━━━ EXERCISE DATA
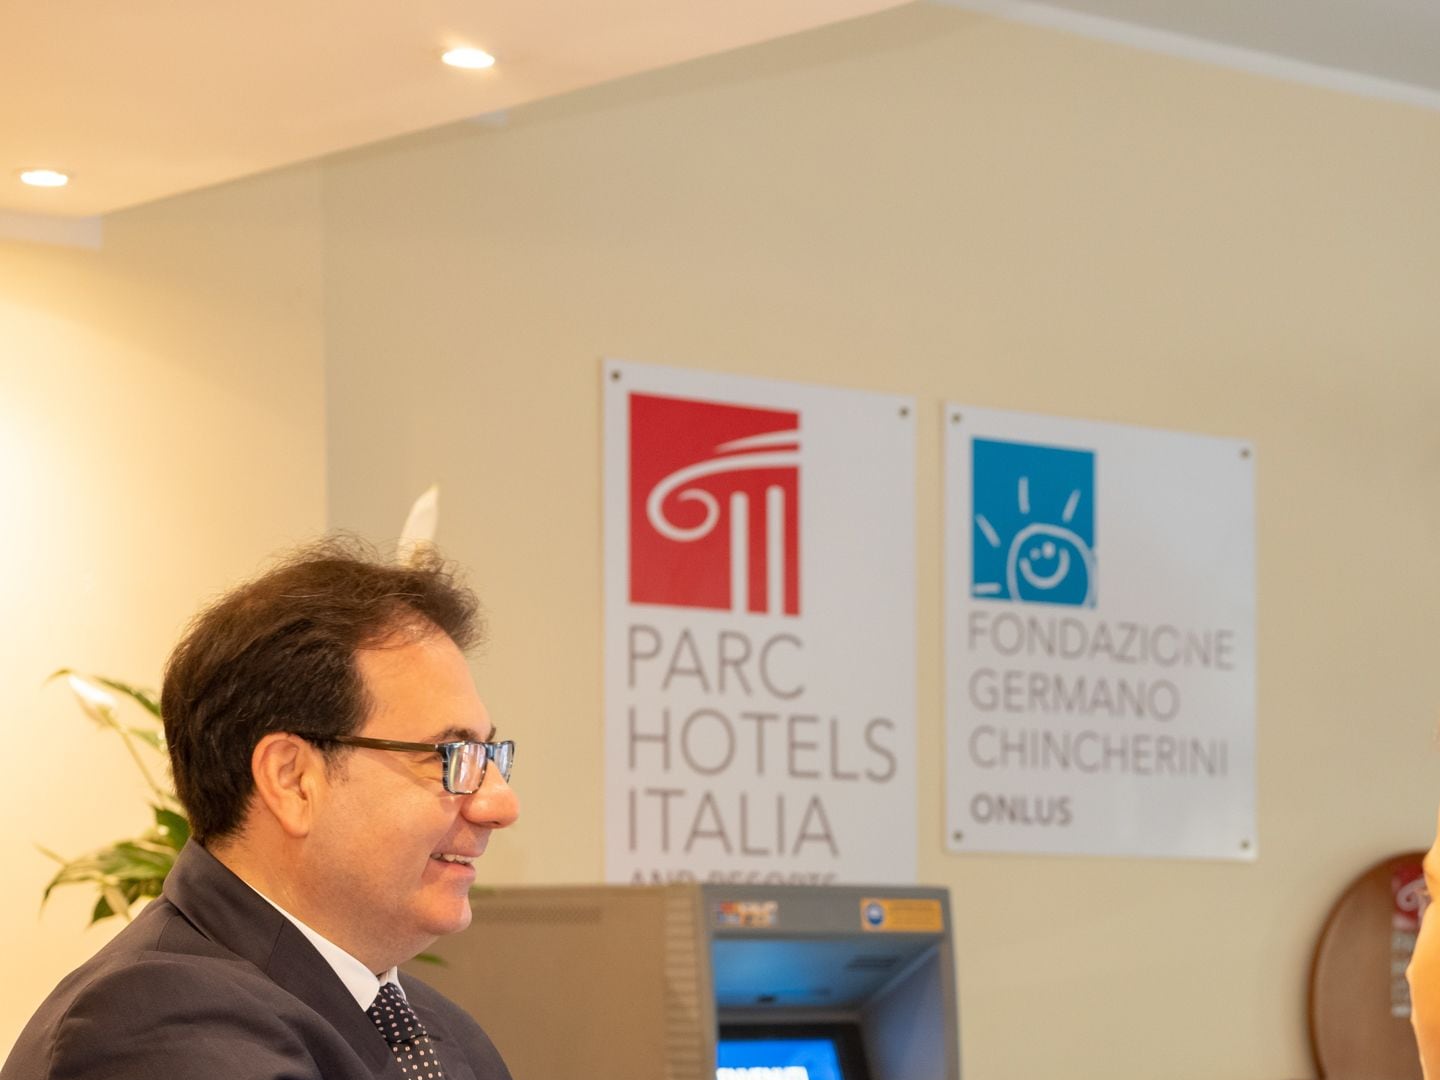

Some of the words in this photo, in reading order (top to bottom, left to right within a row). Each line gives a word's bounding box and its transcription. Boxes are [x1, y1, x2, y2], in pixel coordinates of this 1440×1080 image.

[627, 624, 805, 700] PARC
[967, 609, 1236, 671] FONDAZIONE
[968, 667, 1181, 723] GERMANO
[627, 706, 897, 784] HOTELS
[968, 725, 1229, 777] CHINCHERINI
[628, 788, 839, 857] ITALIA
[970, 793, 1073, 827] ONLUS
━━━━━━
* EXERCISE PROMPT
Retype the entire listing exactly as it appears, dropping only the pictures.

* WRITTEN RESPONSE
Some of the words in this photo, in reading order (top to bottom, left to right within a row). Each line gives a word's bounding box and its transcription. Boxes are [x1, y1, x2, y2], in pixel coordinates of this 1440×1080 image.

[627, 624, 805, 700] PARC
[967, 609, 1236, 671] FONDAZIONE
[968, 667, 1181, 723] GERMANO
[627, 706, 897, 784] HOTELS
[968, 725, 1229, 777] CHINCHERINI
[628, 788, 839, 857] ITALIA
[970, 793, 1073, 827] ONLUS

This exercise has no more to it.